Tempo: questa é la parola  chiave del decimo lungometraggio del regista inglese Christopher Nolan. Un tempo narrativo, con la divisione del racconto in tre piani separati ossia il molo (una settimana), il mare (un giorno) e l’aria (un’ora) destinati ad incontrarsi secondo il tipico schema Nolaniano. Un tempo musicale, scandito dal solenne, martellante ticchettio di un orologio e da sinfonie monostrumentali, composte sempre dal grande Hans Zimmer, che segnano l’inesorabile trascorrere delle ore, come un conto alla rovescia che si protrae verso una fine sempre più vicina, verso una disfatta quasi certa.

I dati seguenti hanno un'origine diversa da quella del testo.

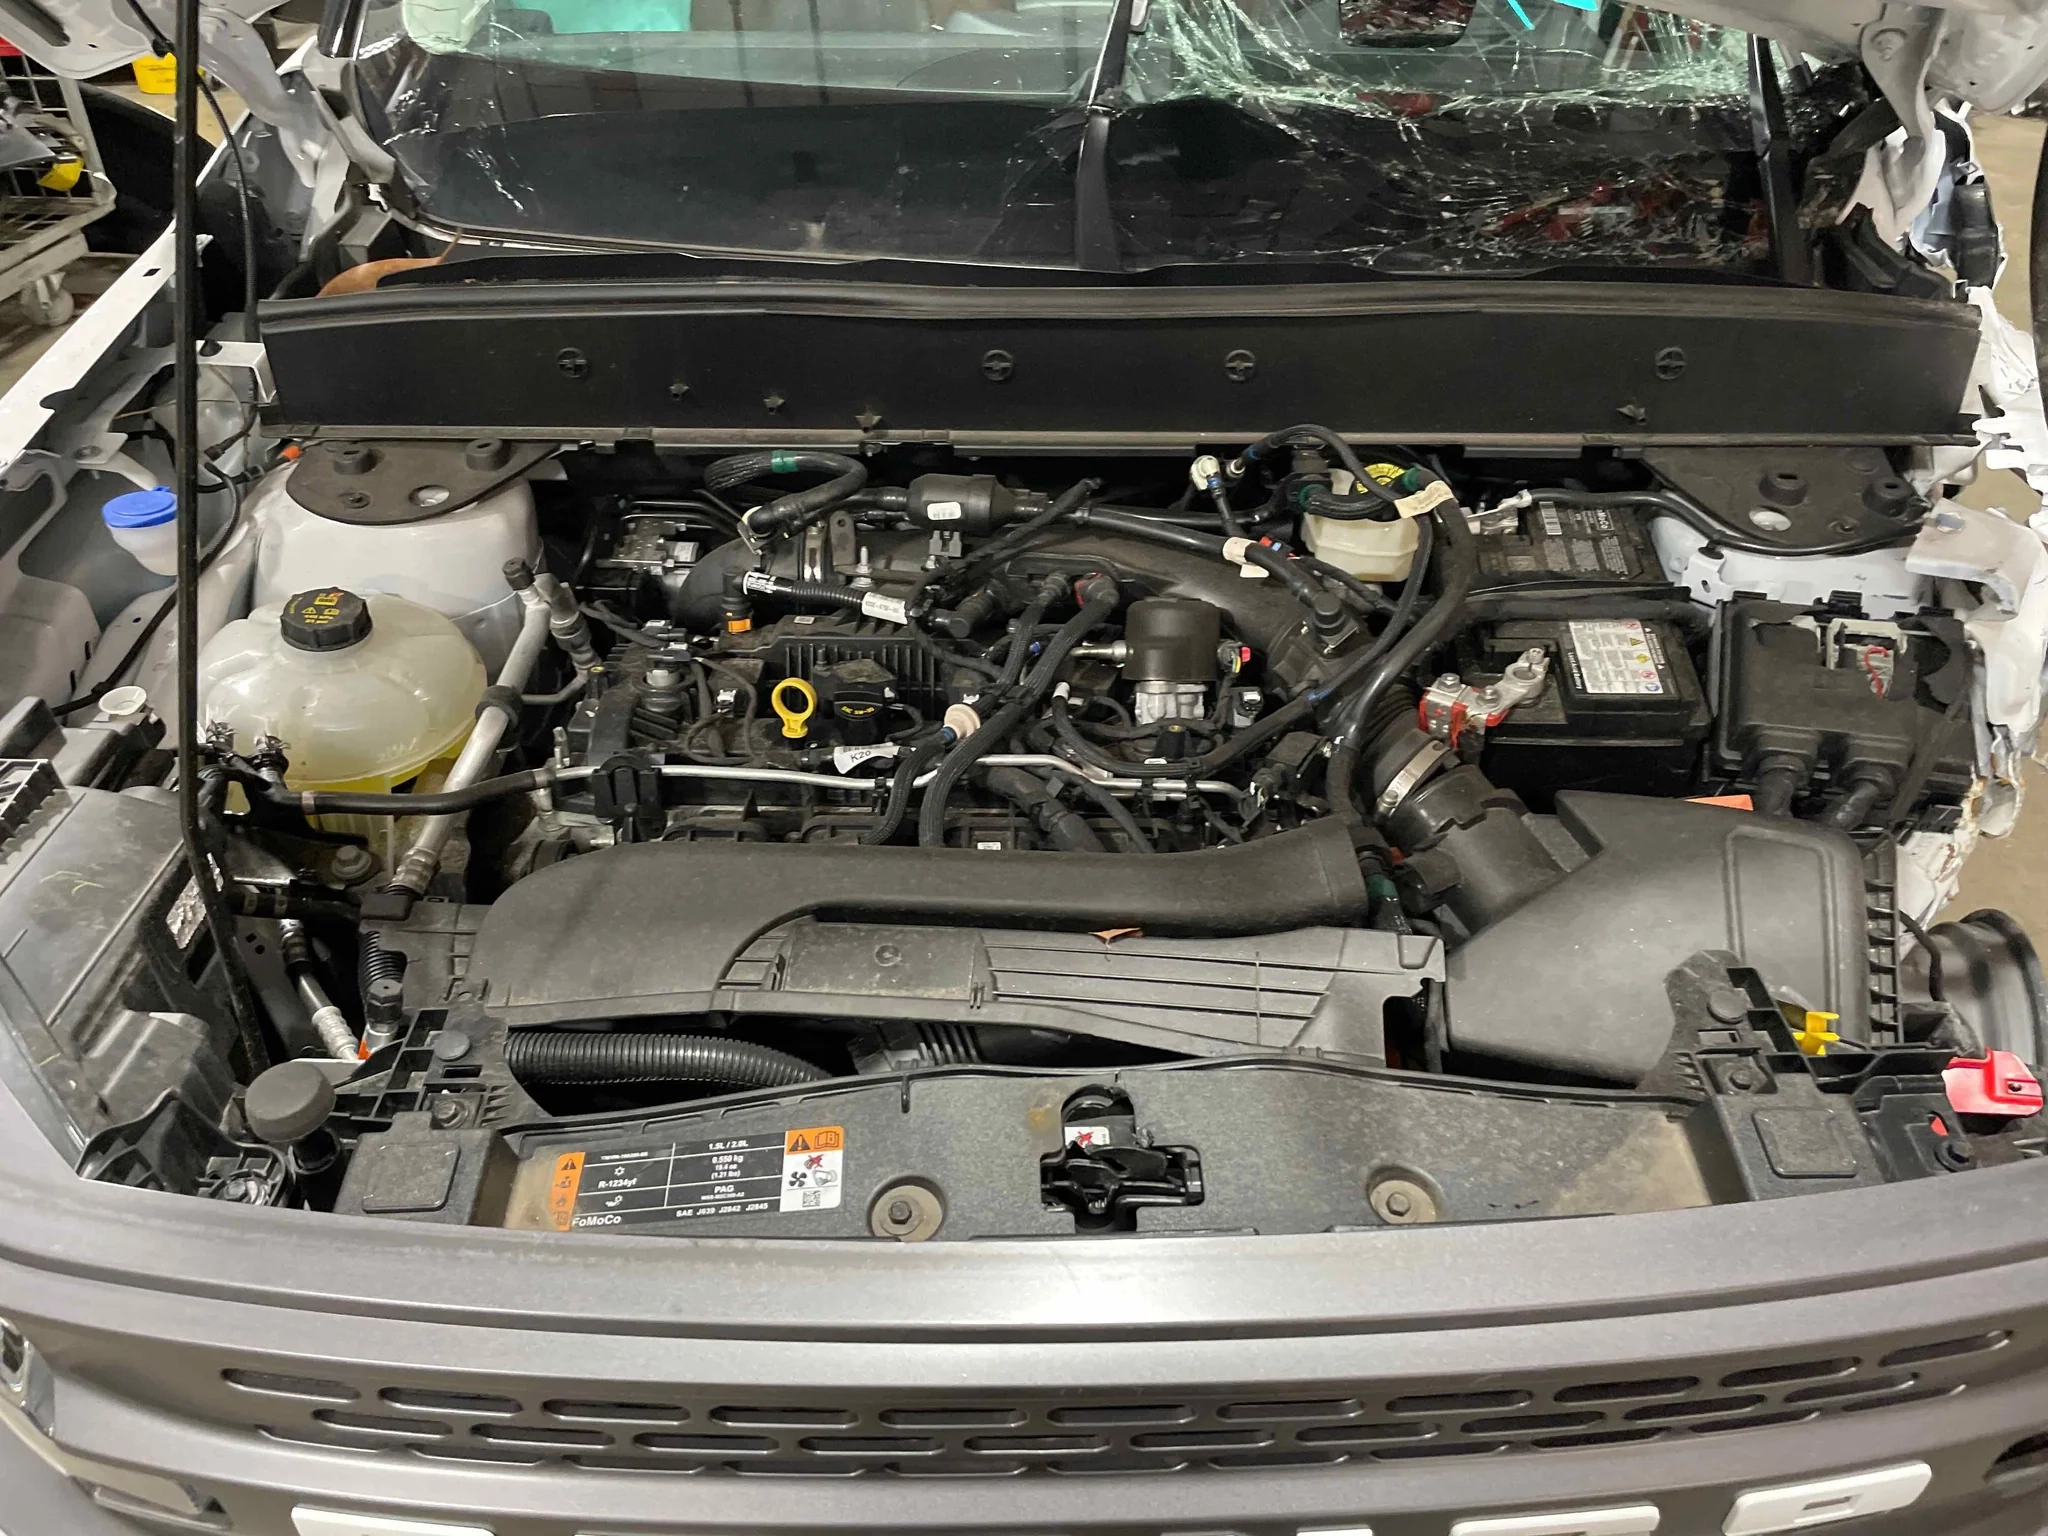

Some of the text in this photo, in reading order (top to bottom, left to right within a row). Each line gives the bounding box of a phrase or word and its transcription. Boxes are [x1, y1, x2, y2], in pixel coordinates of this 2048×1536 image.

Il tempo infatti è proprio ciò che manca ai 400mila uomini bloccati sulle spiagge di Dunkirk, assediati da un nemico che mai si vede, ma che si fa invece sentire con spari ed esplosioni che paiono provenire direttamente dalle spalle dello spettatore. Nolan costruisce in maniera magistrale il senso di prigionia e claustrofobia percepito dalle forze inglesi e palpabile anche fuori dallo schermo. La regia non sbaglia un colpo, accompagnata dalla fotografia asciutta  e panoramica Di Hoyotema, sia nelle scene in mare e soprattutto nelle riprese aeree, il cui realismo è spettacolarità rimarranno impresse per molto tempo. La pellicola scorre così veloce, cruda, fredda senza che lo spettatore abbia il tempo appunto di conoscere i personaggi, di approfondire la situazione, divenendo un inerme testimone della guerra vera e propria, di spari, bombardamenti, navi che volano a picco e aerei che si schiantato. Ci si sente così proiettati quasi dentro lo schermo, sperimentando la stessa angoscia e lo stesso terrore delle truppe britanniche. Non esistono vincitori né vinti, ma solo sopravvissuti, questo é il messaggio che traspare alla fine del film, perché Dunkirk non parla di una vittoria, ma di una ritirata riuscita, di uno spirito di sopravvivenza che pervade sotto sotto ogni prodotto di Nolan, dove ciò che effettivamente sopravvive sopra ogni cosa è la speranza e la volontà di continuare a lottare, perché la guerra non è ancora finita. Un film dunque  realisticamente spietato, privo di un apparente impianto emotivo, anche se il sentimento pulsa dai fatti stessi che ci vengono presentati. Ciò che risulta é quindi come molti lo hanno già definito un film puro, e un’imperdibile esperienza cinematografica.